# REQUIREMENT
The data below is to be transcribed word for word; pictures are to be excluded.

# DATASET EXTRACT
╭──

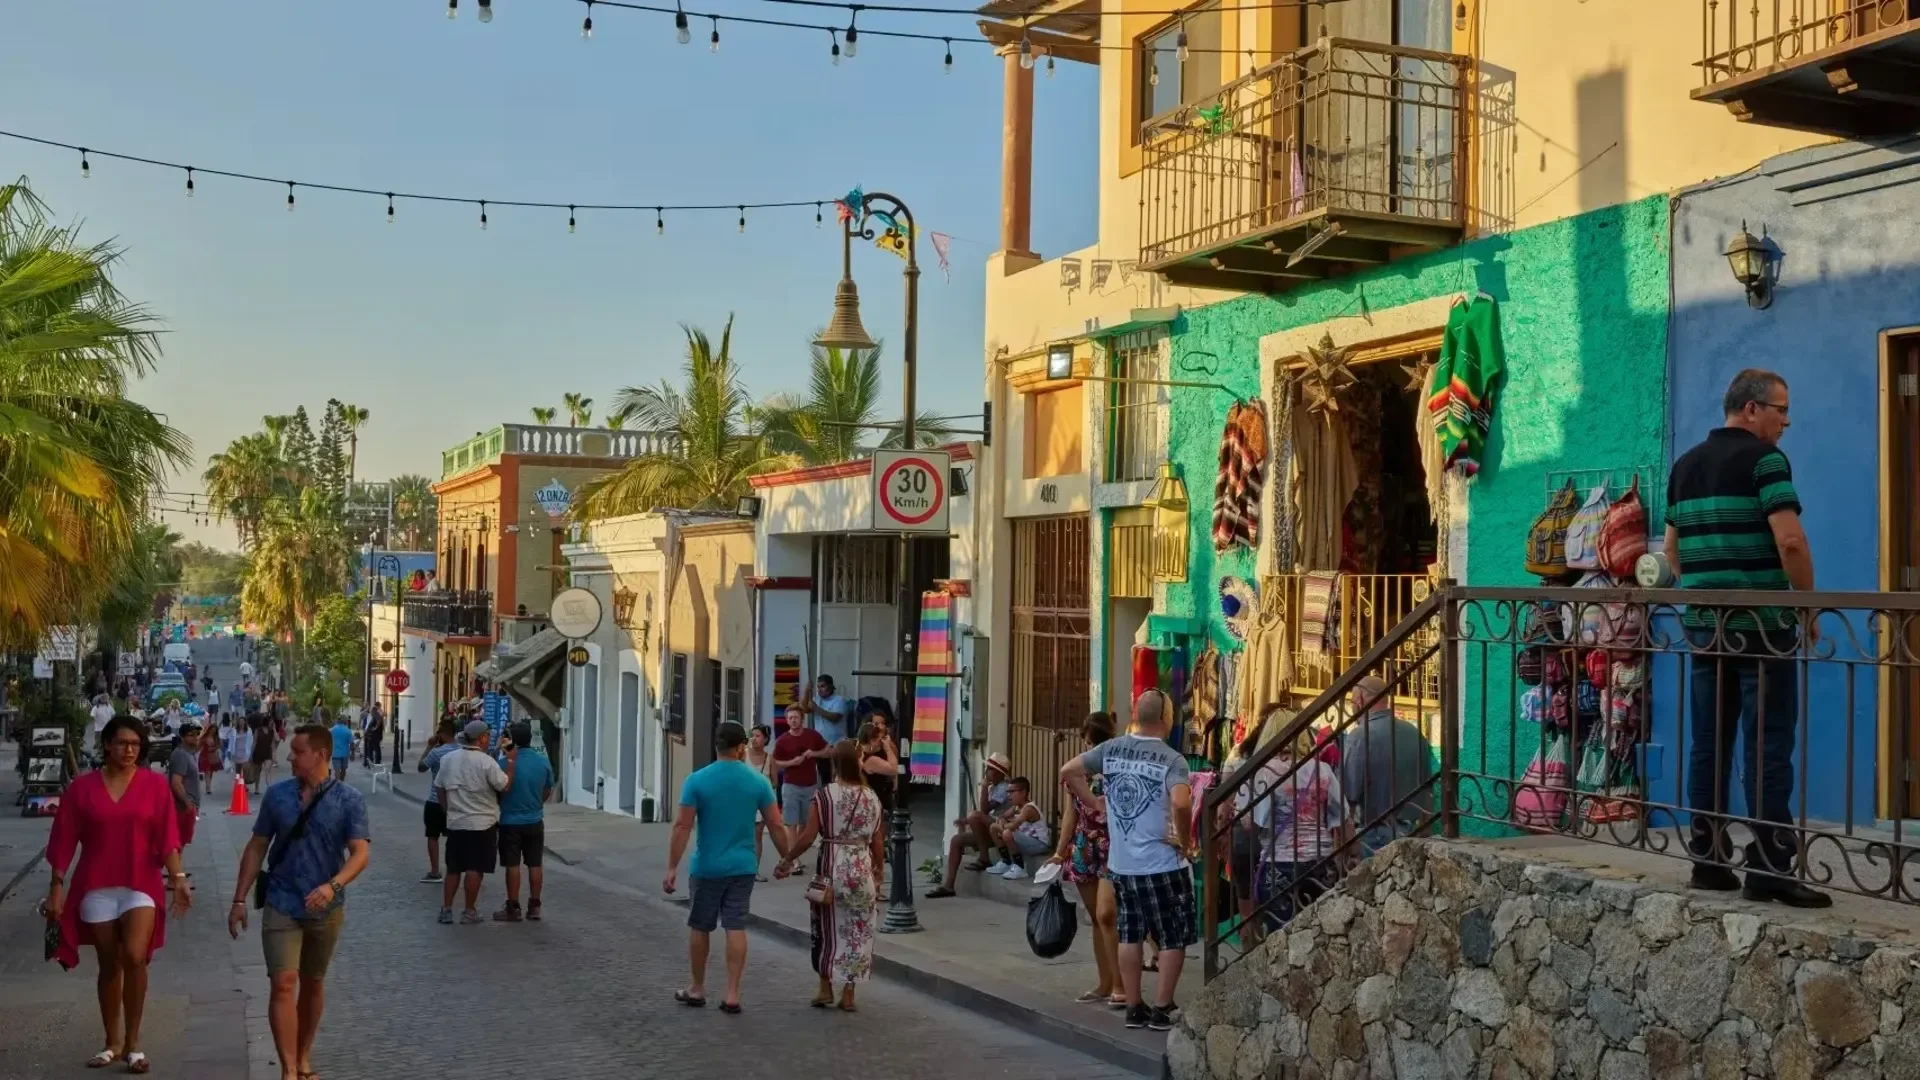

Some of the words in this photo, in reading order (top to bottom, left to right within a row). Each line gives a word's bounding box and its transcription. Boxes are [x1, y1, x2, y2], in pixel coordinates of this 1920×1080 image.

[897, 468, 927, 494] 30
[894, 496, 928, 508] Km/h
[387, 676, 408, 687] ALTO
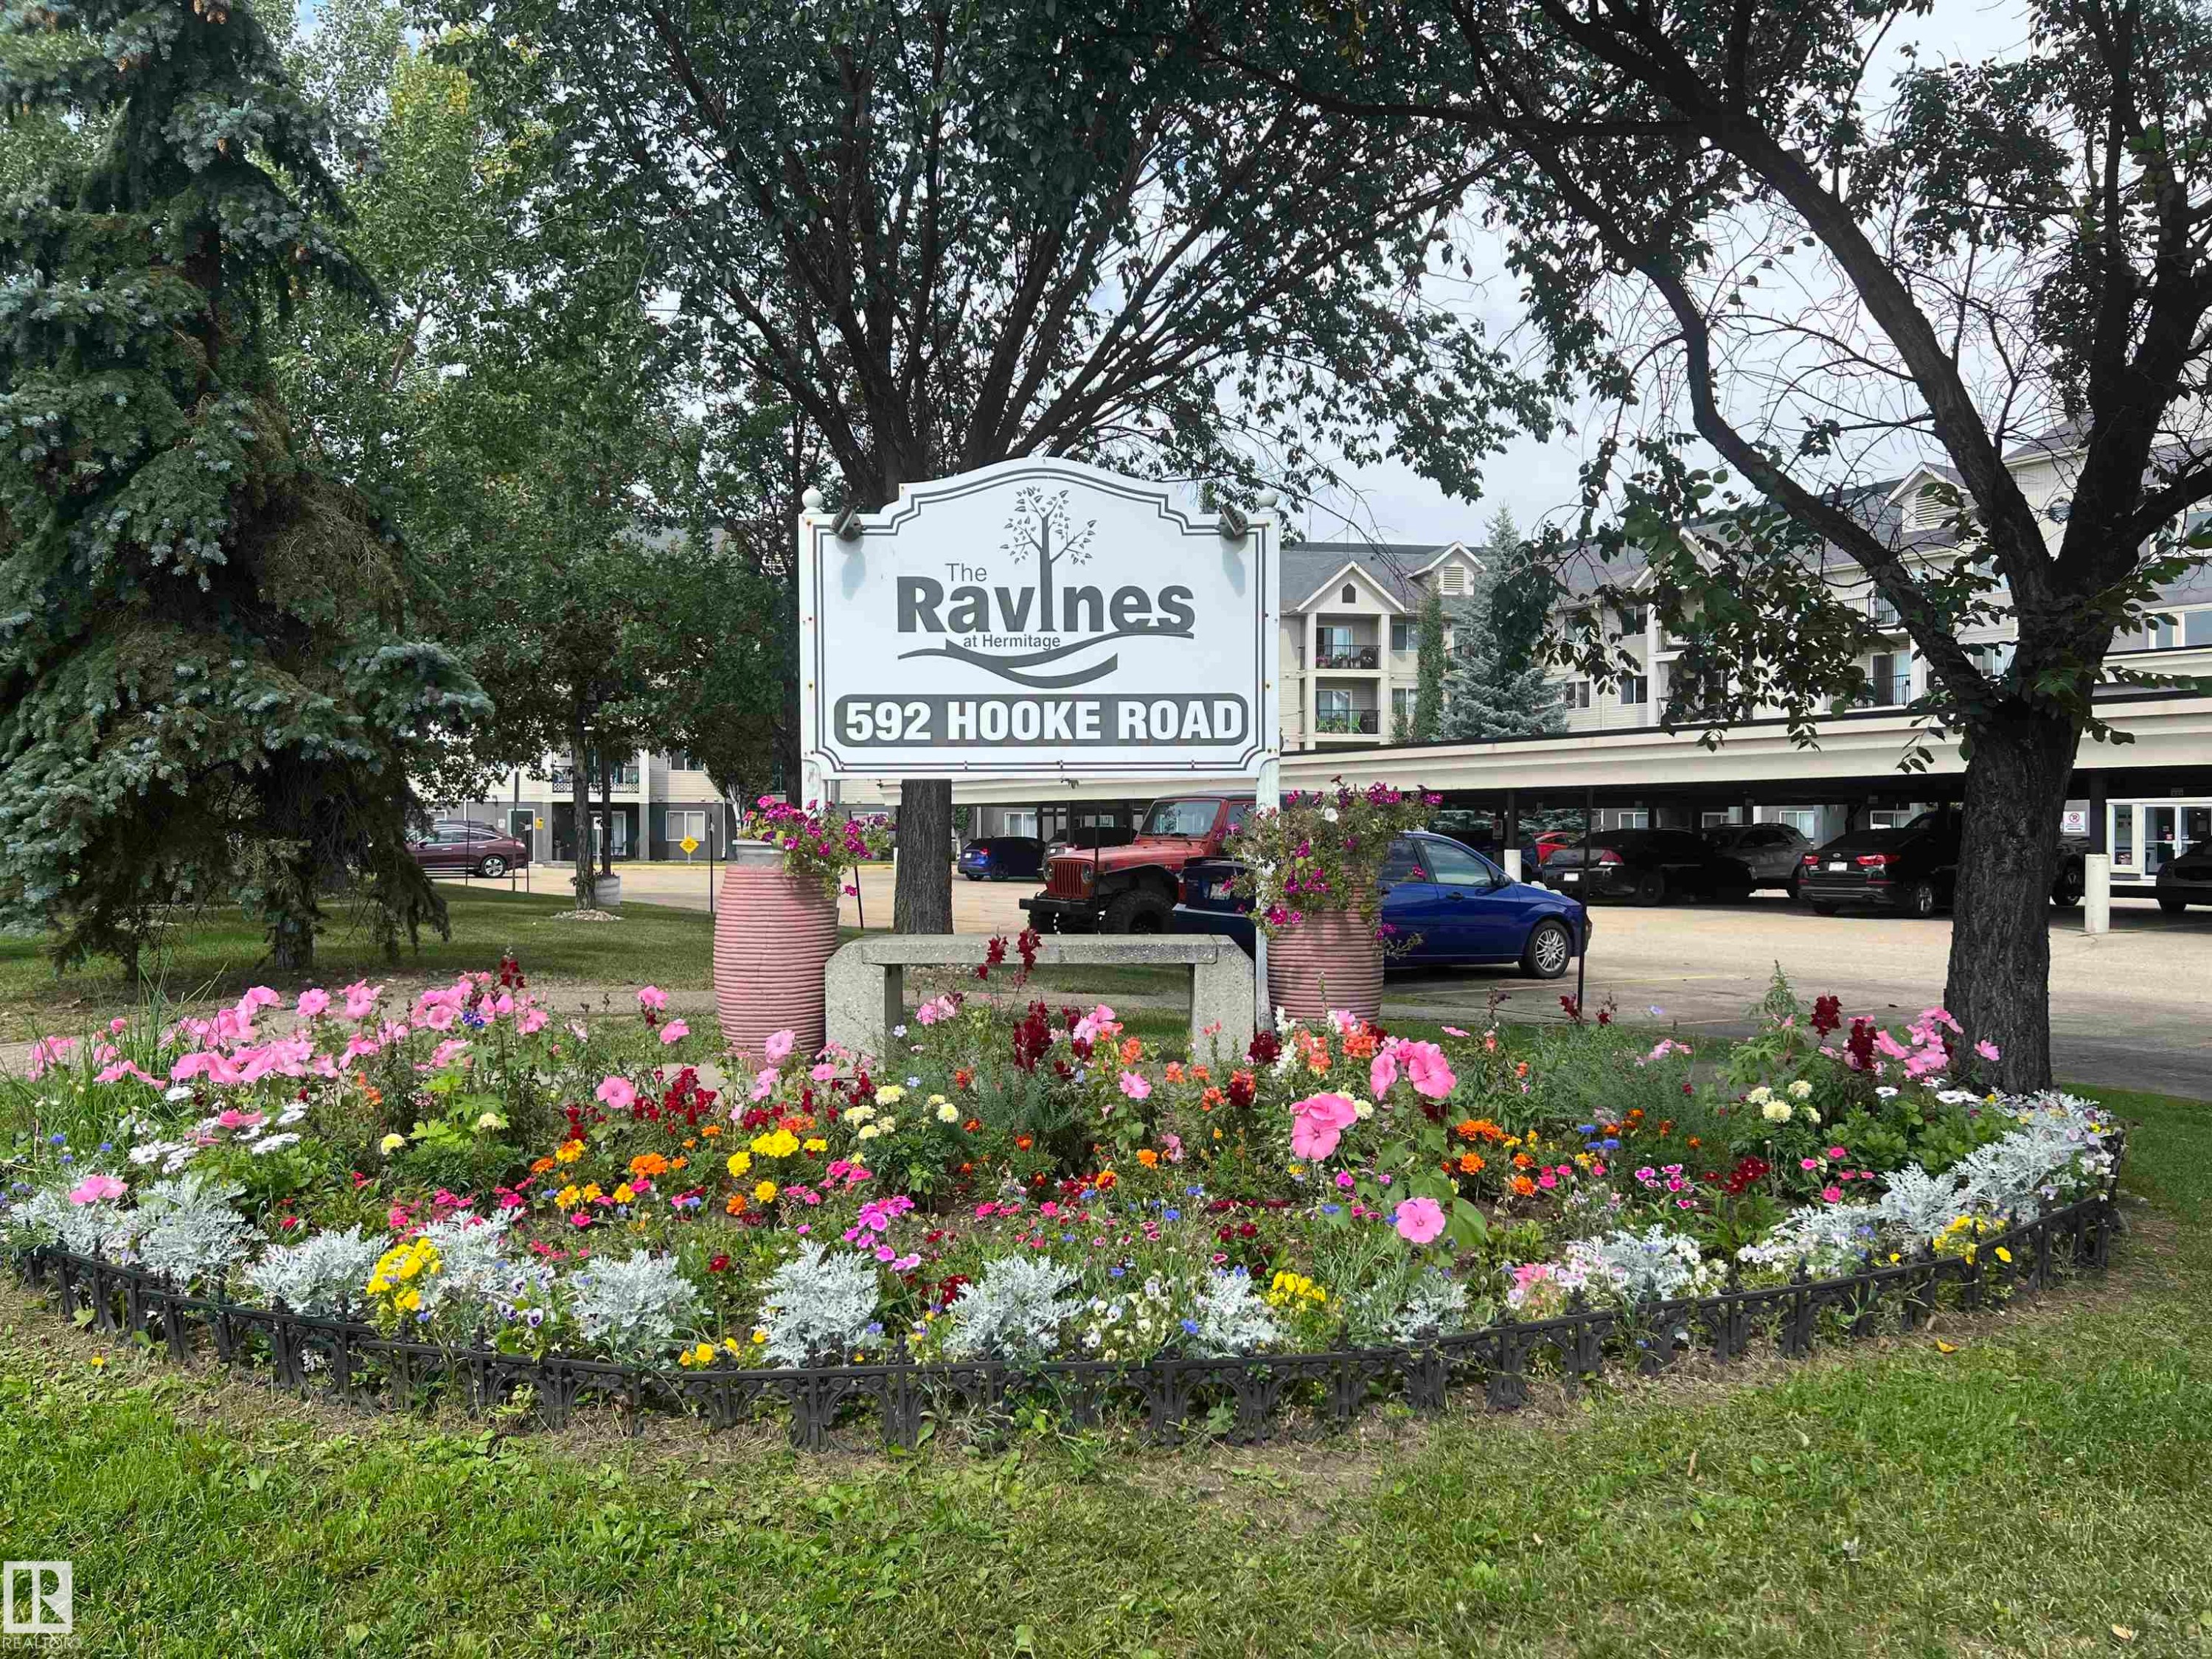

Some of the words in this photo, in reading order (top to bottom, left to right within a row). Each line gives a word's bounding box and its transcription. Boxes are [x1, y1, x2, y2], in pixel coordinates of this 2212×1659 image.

[945, 563, 988, 582] The
[897, 576, 1195, 633] Ravines
[963, 634, 978, 647] at
[982, 633, 1061, 650] Hermitage
[846, 701, 931, 740] 592
[947, 701, 1101, 740] HOOKE
[1118, 700, 1243, 740] ROAD

╰──

# WRITTEN RESPONSE
Some of the words in this photo, in reading order (top to bottom, left to right within a row). Each line gives a word's bounding box and its transcription. Boxes are [x1, y1, x2, y2], in pixel coordinates of this 1920×1080 image.

[897, 468, 927, 494] 30
[894, 496, 928, 508] Km/h
[387, 676, 408, 687] ALTO

Some of the words in this photo, in reading order (top to bottom, left to right within a row). Each line gives a word's bounding box and its transcription. Boxes are [x1, y1, x2, y2], in pixel coordinates of this 2212×1659 image.

[945, 563, 988, 582] The
[897, 576, 1195, 633] Ravines
[963, 634, 978, 647] at
[982, 633, 1061, 650] Hermitage
[846, 701, 931, 740] 592
[947, 701, 1101, 740] HOOKE
[1118, 700, 1243, 740] ROAD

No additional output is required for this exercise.